DNA methylation is an epigenetic mark thought to be robust to environmental perturbations on a short time scale. Here, we challenge that view by demonstrating that the infection of human dendritic cells (DCs) with a live pathogenic bacteria is associated with rapid and active demethylation at thousands of loci, independent of cell division. We performed an integrated analysis of data on genome-wide DNA methylation, histone mark patterns, chromatin accessibility, and gene expression, before and after infection. We found that infection-induced demethylation rarely occurs at promoter regions and instead localizes to distal enhancer elements, including those that regulate the activation of key immune transcription factors.

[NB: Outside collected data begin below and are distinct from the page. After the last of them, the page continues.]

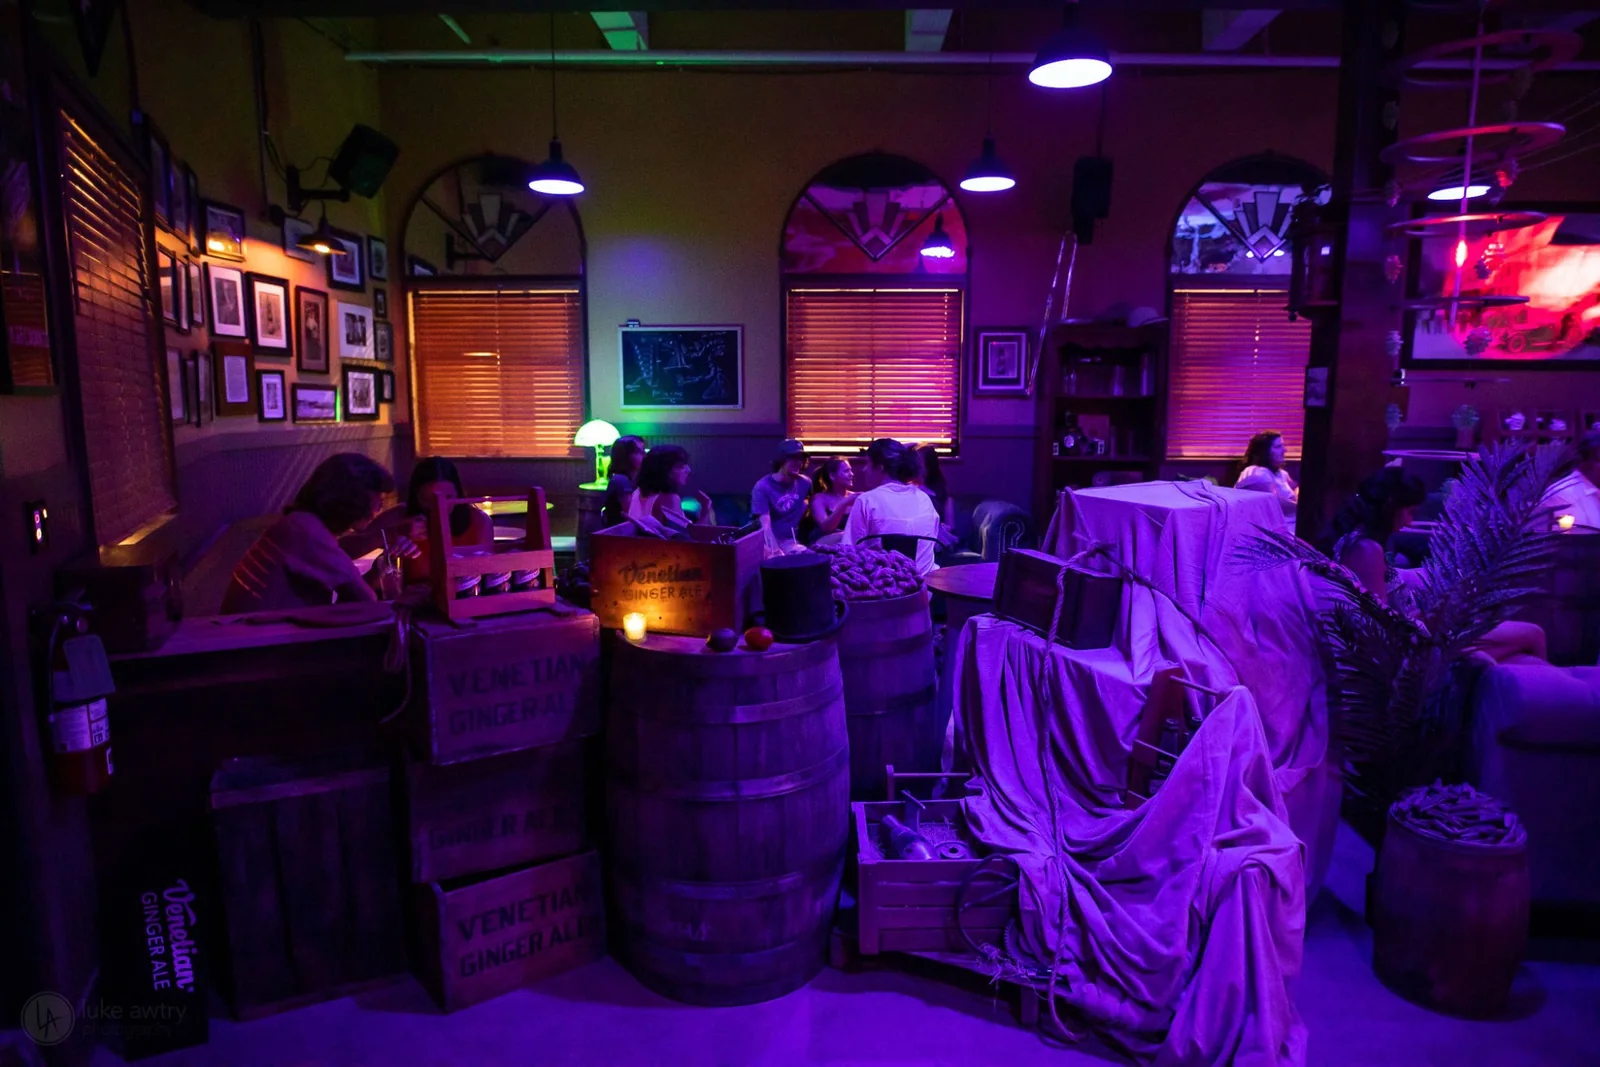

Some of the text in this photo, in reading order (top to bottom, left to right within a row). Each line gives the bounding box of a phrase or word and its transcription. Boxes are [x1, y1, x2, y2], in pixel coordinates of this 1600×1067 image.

[624, 585, 703, 601] GINGER ALE
[447, 652, 585, 698] VENETIAN
[449, 696, 538, 736] GINGER
[162, 877, 197, 993] Venetian
[456, 881, 590, 942] VENETIAN
[141, 891, 171, 992] GINGER ALE
[460, 931, 543, 978] GINGER
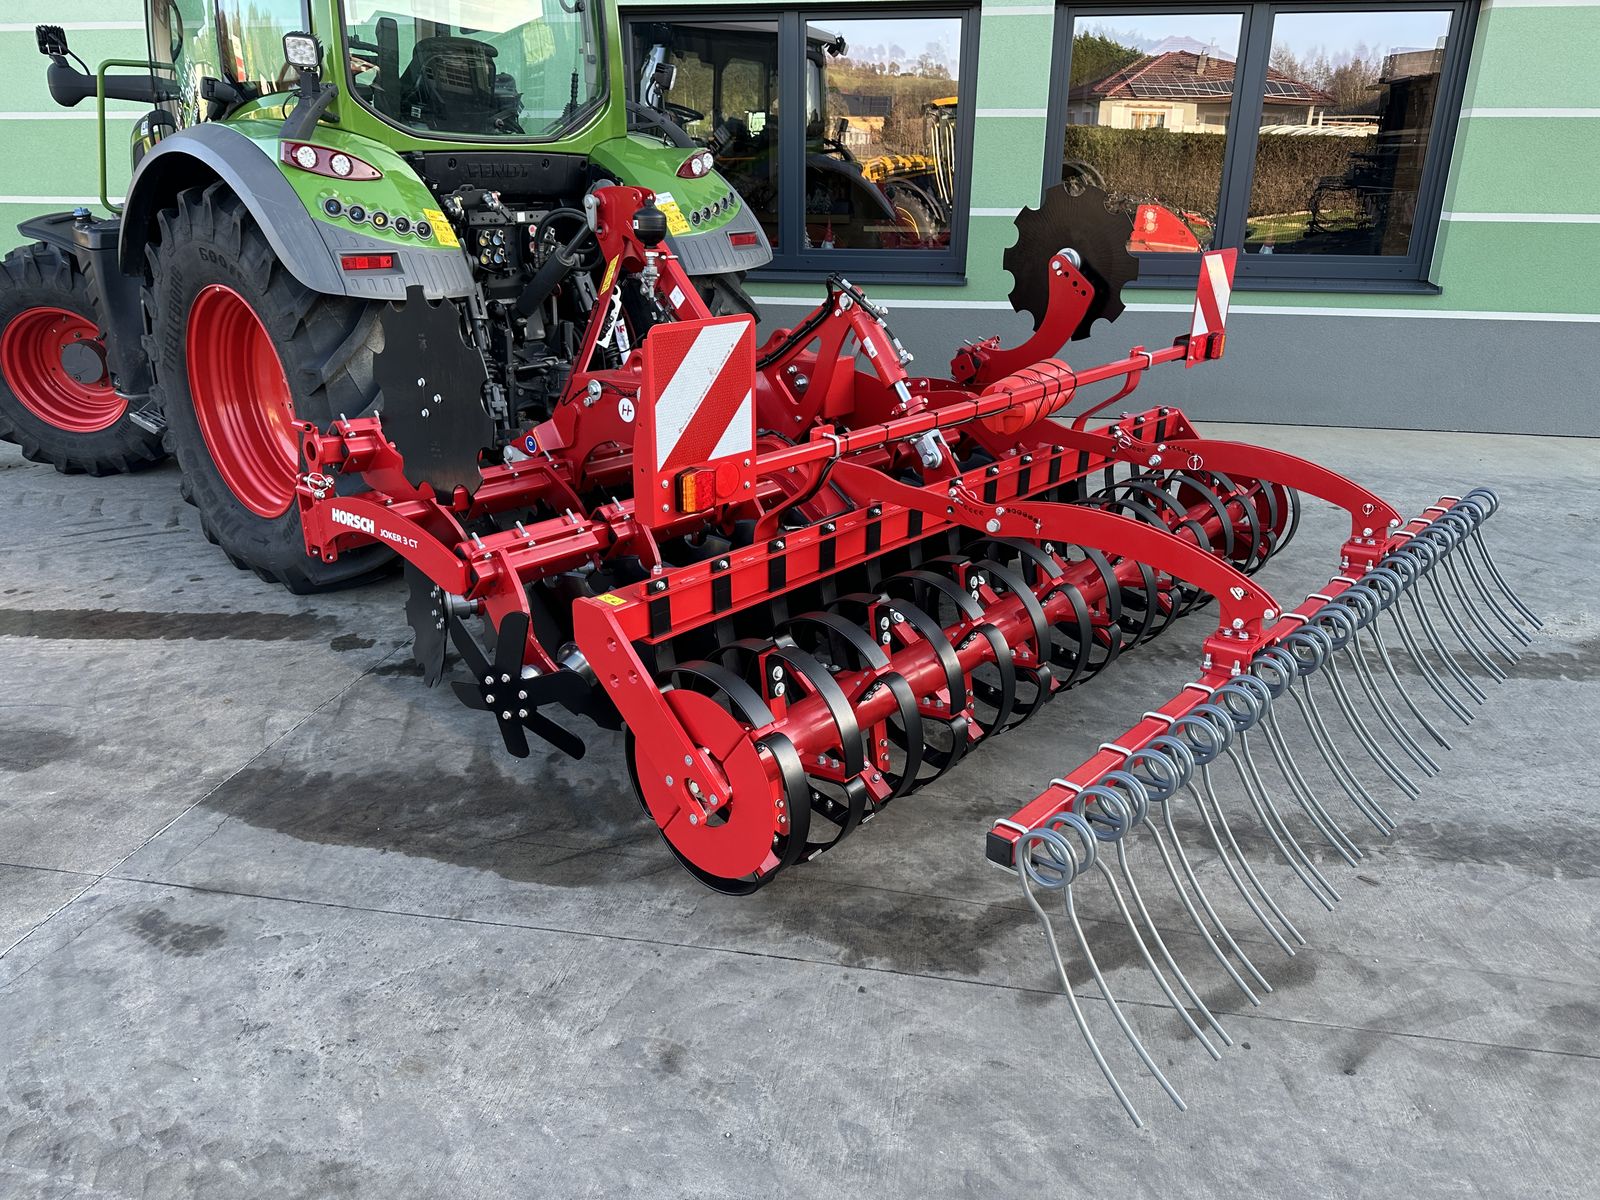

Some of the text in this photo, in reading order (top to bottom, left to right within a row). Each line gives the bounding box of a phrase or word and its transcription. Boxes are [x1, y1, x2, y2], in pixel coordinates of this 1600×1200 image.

[466, 162, 533, 178] FENDT
[198, 247, 228, 269] 600
[162, 264, 184, 372] TRELLEBORG
[331, 508, 418, 548] HORSCH JOKER 3 CT
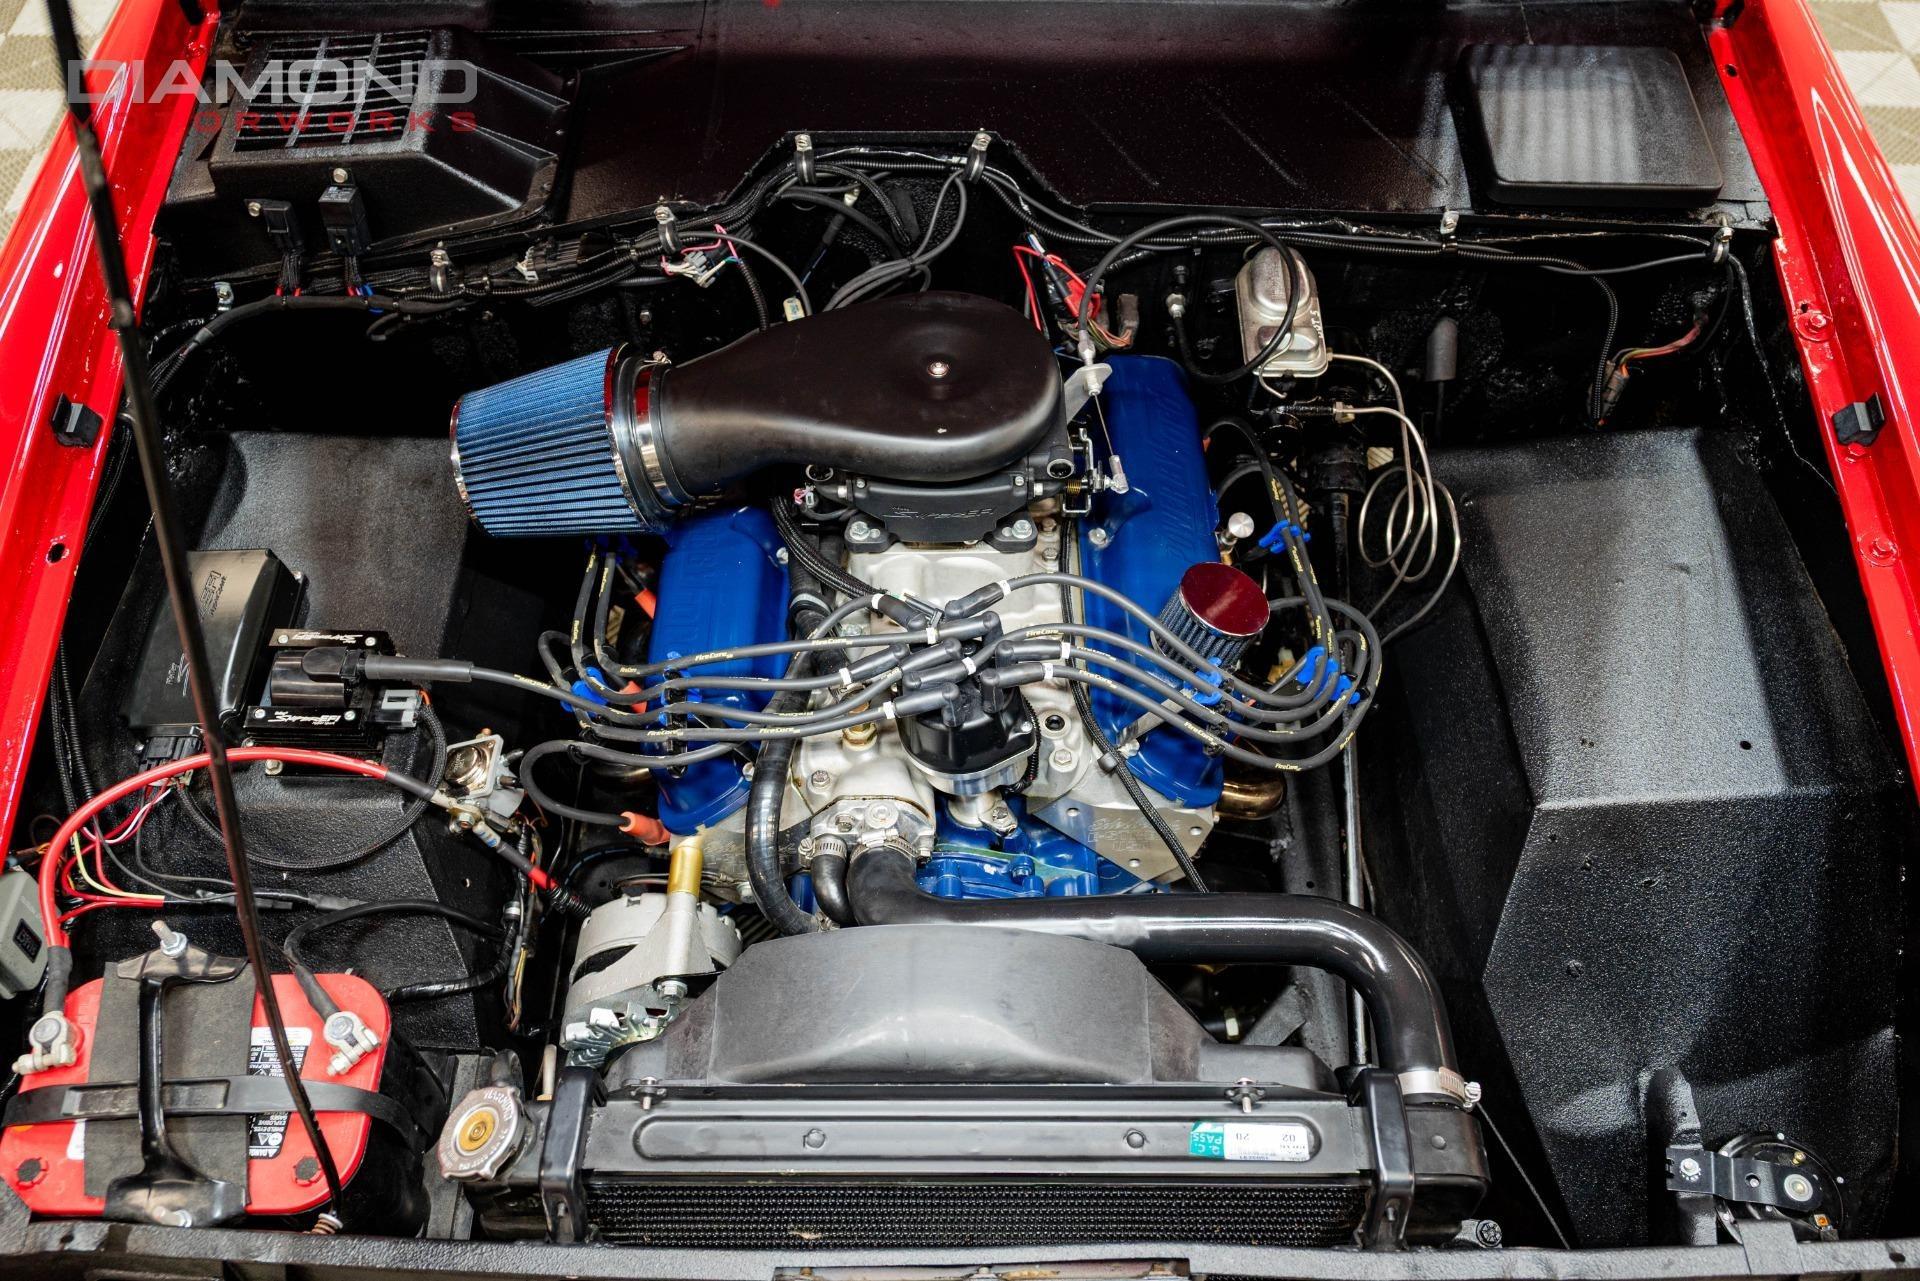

Active demethylation is associated with extensive epigenetic remodeling, including the gain of histone activation marks and increased chromatin accessibility, and is strongly predictive of changes in the expression levels of nearby genes. Collectively, our observations show that active, rapid changes in DNA methylation in enhancers play a previously unappreciated role in regulating the transcriptional response to infection, even in nonproliferating cells.

Footnotes

  • Received March 10, 2015.
  • Accepted September 17, 2015.

This article is distributed exclusively by Cold Spring Harbor Laboratory Press for the first six months after the full-issue publication date (see http://genome.cshlp.org/site/misc/terms.xhtml). After six months, it is available under a Creative Commons License (Attribution-NonCommercial 4.0 International), as described at http://creativecommons.org/licenses/by-nc/4.0/.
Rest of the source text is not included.